_What you should do_
Copy out every line of the data exactly.

START Records provided

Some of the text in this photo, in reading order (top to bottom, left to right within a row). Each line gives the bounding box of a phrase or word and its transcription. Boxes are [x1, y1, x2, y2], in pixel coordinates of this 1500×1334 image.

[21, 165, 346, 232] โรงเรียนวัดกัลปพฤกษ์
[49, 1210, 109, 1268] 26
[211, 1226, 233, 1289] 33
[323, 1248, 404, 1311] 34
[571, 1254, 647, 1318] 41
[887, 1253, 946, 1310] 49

END Records provided

_Result of the exercise_
Some of the text in this photo, in reading order (top to bottom, left to right within a row). Each line gives the bounding box of a phrase or word and its transcription. Boxes are [x1, y1, x2, y2], in pixel coordinates of this 1500×1334 image.

[21, 165, 346, 232] โรงเรียนวัดกัลปพฤกษ์
[49, 1210, 109, 1268] 26
[211, 1226, 233, 1289] 33
[323, 1248, 404, 1311] 34
[571, 1254, 647, 1318] 41
[887, 1253, 946, 1310] 49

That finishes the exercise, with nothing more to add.